- _Your instructions_:
Repeat the records below in their entirety, exactly.

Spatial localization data
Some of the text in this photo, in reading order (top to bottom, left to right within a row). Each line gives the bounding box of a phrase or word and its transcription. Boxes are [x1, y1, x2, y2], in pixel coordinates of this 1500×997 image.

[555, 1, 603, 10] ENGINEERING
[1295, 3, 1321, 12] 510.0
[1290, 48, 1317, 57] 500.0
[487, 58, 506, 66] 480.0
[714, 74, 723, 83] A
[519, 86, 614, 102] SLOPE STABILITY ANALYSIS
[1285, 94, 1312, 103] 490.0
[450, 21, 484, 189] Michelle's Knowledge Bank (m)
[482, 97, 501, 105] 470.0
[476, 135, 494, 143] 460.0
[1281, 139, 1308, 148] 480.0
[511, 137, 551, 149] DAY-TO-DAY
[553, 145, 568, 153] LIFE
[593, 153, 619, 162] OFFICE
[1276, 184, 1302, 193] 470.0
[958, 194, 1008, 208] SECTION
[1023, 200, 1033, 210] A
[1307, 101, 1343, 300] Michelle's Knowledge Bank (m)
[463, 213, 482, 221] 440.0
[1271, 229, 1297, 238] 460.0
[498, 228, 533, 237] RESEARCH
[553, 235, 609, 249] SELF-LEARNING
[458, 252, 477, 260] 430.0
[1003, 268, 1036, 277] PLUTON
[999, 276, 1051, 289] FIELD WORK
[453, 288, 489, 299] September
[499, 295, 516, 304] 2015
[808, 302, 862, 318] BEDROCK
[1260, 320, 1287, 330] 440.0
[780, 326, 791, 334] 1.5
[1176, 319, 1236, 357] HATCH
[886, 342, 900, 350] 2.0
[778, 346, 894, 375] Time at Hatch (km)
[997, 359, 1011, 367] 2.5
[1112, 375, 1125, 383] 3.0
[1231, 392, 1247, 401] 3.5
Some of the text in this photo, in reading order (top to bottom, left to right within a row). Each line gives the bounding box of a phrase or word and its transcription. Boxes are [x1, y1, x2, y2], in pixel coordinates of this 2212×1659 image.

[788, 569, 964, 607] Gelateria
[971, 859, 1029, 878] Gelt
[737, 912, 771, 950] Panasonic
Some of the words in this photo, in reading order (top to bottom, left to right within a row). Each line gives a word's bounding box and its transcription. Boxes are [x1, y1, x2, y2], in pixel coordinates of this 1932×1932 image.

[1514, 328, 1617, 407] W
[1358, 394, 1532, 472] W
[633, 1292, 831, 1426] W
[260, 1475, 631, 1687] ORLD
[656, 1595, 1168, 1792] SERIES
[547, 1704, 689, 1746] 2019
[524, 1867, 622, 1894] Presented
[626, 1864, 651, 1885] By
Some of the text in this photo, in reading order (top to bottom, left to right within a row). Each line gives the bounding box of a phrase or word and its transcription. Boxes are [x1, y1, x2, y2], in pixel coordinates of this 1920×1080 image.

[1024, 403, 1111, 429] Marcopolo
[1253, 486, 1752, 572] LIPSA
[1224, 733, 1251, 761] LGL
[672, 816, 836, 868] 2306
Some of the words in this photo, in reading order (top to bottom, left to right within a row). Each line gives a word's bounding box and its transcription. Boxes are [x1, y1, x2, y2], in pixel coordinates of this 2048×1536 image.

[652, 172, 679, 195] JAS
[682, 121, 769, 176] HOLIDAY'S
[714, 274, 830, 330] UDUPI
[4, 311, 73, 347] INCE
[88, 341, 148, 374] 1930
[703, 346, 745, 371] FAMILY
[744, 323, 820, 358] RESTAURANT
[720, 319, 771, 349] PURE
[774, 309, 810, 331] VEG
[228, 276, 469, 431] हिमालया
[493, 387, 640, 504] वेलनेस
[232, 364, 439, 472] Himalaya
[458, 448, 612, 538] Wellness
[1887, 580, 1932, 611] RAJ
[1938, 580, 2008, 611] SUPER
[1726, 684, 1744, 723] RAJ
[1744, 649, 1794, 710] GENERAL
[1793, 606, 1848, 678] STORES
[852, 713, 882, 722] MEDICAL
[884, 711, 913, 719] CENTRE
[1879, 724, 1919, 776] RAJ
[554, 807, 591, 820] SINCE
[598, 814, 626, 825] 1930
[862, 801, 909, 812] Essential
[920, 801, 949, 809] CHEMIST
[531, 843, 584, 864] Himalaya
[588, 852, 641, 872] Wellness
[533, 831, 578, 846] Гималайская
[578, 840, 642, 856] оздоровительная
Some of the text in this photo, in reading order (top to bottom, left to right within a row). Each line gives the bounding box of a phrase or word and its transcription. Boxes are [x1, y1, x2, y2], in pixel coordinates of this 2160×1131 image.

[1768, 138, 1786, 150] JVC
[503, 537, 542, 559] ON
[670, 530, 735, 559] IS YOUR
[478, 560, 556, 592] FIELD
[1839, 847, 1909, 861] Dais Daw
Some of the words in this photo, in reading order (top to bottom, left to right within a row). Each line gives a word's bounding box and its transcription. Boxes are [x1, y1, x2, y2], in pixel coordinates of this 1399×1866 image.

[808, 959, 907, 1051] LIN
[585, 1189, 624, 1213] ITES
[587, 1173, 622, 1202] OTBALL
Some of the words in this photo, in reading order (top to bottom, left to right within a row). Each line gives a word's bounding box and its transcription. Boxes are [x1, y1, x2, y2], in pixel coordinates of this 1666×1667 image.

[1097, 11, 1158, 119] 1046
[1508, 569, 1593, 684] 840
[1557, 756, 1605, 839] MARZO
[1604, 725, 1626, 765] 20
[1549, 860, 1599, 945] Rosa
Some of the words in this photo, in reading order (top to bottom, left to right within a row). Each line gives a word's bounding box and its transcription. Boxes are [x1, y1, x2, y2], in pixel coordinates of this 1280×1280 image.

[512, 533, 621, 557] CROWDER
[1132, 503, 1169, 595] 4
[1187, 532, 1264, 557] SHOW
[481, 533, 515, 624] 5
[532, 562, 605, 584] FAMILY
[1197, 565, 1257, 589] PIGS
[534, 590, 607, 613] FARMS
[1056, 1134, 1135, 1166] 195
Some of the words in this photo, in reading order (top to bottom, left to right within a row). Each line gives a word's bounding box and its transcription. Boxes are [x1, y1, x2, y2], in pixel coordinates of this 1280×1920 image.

- _Task answer_:
Some of the text in this photo, in reading order (top to bottom, left to right within a row). Each line gives the bounding box of a phrase or word and its transcription. Boxes are [x1, y1, x2, y2], in pixel coordinates of this 1500×997 image.

[555, 1, 603, 10] ENGINEERING
[1295, 3, 1321, 12] 510.0
[1290, 48, 1317, 57] 500.0
[487, 58, 506, 66] 480.0
[714, 74, 723, 83] A
[519, 86, 614, 102] SLOPE STABILITY ANALYSIS
[1285, 94, 1312, 103] 490.0
[450, 21, 484, 189] Michelle's Knowledge Bank (m)
[482, 97, 501, 105] 470.0
[476, 135, 494, 143] 460.0
[1281, 139, 1308, 148] 480.0
[511, 137, 551, 149] DAY-TO-DAY
[553, 145, 568, 153] LIFE
[593, 153, 619, 162] OFFICE
[1276, 184, 1302, 193] 470.0
[958, 194, 1008, 208] SECTION
[1023, 200, 1033, 210] A
[1307, 101, 1343, 300] Michelle's Knowledge Bank (m)
[463, 213, 482, 221] 440.0
[1271, 229, 1297, 238] 460.0
[498, 228, 533, 237] RESEARCH
[553, 235, 609, 249] SELF-LEARNING
[458, 252, 477, 260] 430.0
[1003, 268, 1036, 277] PLUTON
[999, 276, 1051, 289] FIELD WORK
[453, 288, 489, 299] September
[499, 295, 516, 304] 2015
[808, 302, 862, 318] BEDROCK
[1260, 320, 1287, 330] 440.0
[780, 326, 791, 334] 1.5
[1176, 319, 1236, 357] HATCH
[886, 342, 900, 350] 2.0
[778, 346, 894, 375] Time at Hatch (km)
[997, 359, 1011, 367] 2.5
[1112, 375, 1125, 383] 3.0
[1231, 392, 1247, 401] 3.5
Some of the text in this photo, in reading order (top to bottom, left to right within a row). Each line gives the bounding box of a phrase or word and its transcription. Boxes are [x1, y1, x2, y2], in pixel coordinates of this 2212×1659 image.

[788, 569, 964, 607] Gelateria
[971, 859, 1029, 878] Gelt
[737, 912, 771, 950] Panasonic
Some of the words in this photo, in reading order (top to bottom, left to right within a row). Each line gives a word's bounding box and its transcription. Boxes are [x1, y1, x2, y2], in pixel coordinates of this 1932×1932 image.

[1514, 328, 1617, 407] W
[1358, 394, 1532, 472] W
[633, 1292, 831, 1426] W
[260, 1475, 631, 1687] ORLD
[656, 1595, 1168, 1792] SERIES
[547, 1704, 689, 1746] 2019
[524, 1867, 622, 1894] Presented
[626, 1864, 651, 1885] By
Some of the text in this photo, in reading order (top to bottom, left to right within a row). Each line gives the bounding box of a phrase or word and its transcription. Boxes are [x1, y1, x2, y2], in pixel coordinates of this 1920×1080 image.

[1024, 403, 1111, 429] Marcopolo
[1253, 486, 1752, 572] LIPSA
[1224, 733, 1251, 761] LGL
[672, 816, 836, 868] 2306
Some of the words in this photo, in reading order (top to bottom, left to right within a row). Each line gives a word's bounding box and its transcription. Boxes are [x1, y1, x2, y2], in pixel coordinates of this 2048×1536 image.

[652, 172, 679, 195] JAS
[682, 121, 769, 176] HOLIDAY'S
[714, 274, 830, 330] UDUPI
[4, 311, 73, 347] INCE
[88, 341, 148, 374] 1930
[703, 346, 745, 371] FAMILY
[744, 323, 820, 358] RESTAURANT
[720, 319, 771, 349] PURE
[774, 309, 810, 331] VEG
[228, 276, 469, 431] हिमालया
[493, 387, 640, 504] वेलनेस
[232, 364, 439, 472] Himalaya
[458, 448, 612, 538] Wellness
[1887, 580, 1932, 611] RAJ
[1938, 580, 2008, 611] SUPER
[1726, 684, 1744, 723] RAJ
[1744, 649, 1794, 710] GENERAL
[1793, 606, 1848, 678] STORES
[852, 713, 882, 722] MEDICAL
[884, 711, 913, 719] CENTRE
[1879, 724, 1919, 776] RAJ
[554, 807, 591, 820] SINCE
[598, 814, 626, 825] 1930
[862, 801, 909, 812] Essential
[920, 801, 949, 809] CHEMIST
[531, 843, 584, 864] Himalaya
[588, 852, 641, 872] Wellness
[533, 831, 578, 846] Гималайская
[578, 840, 642, 856] оздоровительная
Some of the text in this photo, in reading order (top to bottom, left to right within a row). Each line gives the bounding box of a phrase or word and its transcription. Boxes are [x1, y1, x2, y2], in pixel coordinates of this 2160×1131 image.

[1768, 138, 1786, 150] JVC
[503, 537, 542, 559] ON
[670, 530, 735, 559] IS YOUR
[478, 560, 556, 592] FIELD
[1839, 847, 1909, 861] Dais Daw
Some of the words in this photo, in reading order (top to bottom, left to right within a row). Each line gives a word's bounding box and its transcription. Boxes are [x1, y1, x2, y2], in pixel coordinates of this 1399×1866 image.

[808, 959, 907, 1051] LIN
[585, 1189, 624, 1213] ITES
[587, 1173, 622, 1202] OTBALL
Some of the words in this photo, in reading order (top to bottom, left to right within a row). Each line gives a word's bounding box and its transcription. Boxes are [x1, y1, x2, y2], in pixel coordinates of this 1666×1667 image.

[1097, 11, 1158, 119] 1046
[1508, 569, 1593, 684] 840
[1557, 756, 1605, 839] MARZO
[1604, 725, 1626, 765] 20
[1549, 860, 1599, 945] Rosa
Some of the words in this photo, in reading order (top to bottom, left to right within a row). Each line gives a word's bounding box and its transcription. Boxes are [x1, y1, x2, y2], in pixel coordinates of this 1280×1280 image.

[512, 533, 621, 557] CROWDER
[1132, 503, 1169, 595] 4
[1187, 532, 1264, 557] SHOW
[481, 533, 515, 624] 5
[532, 562, 605, 584] FAMILY
[1197, 565, 1257, 589] PIGS
[534, 590, 607, 613] FARMS
[1056, 1134, 1135, 1166] 195
Some of the words in this photo, in reading order (top to bottom, left to right within a row). Each line gives a word's bounding box and its transcription. Boxes are [x1, y1, x2, y2], in pixel coordinates of this 1280×1920 image.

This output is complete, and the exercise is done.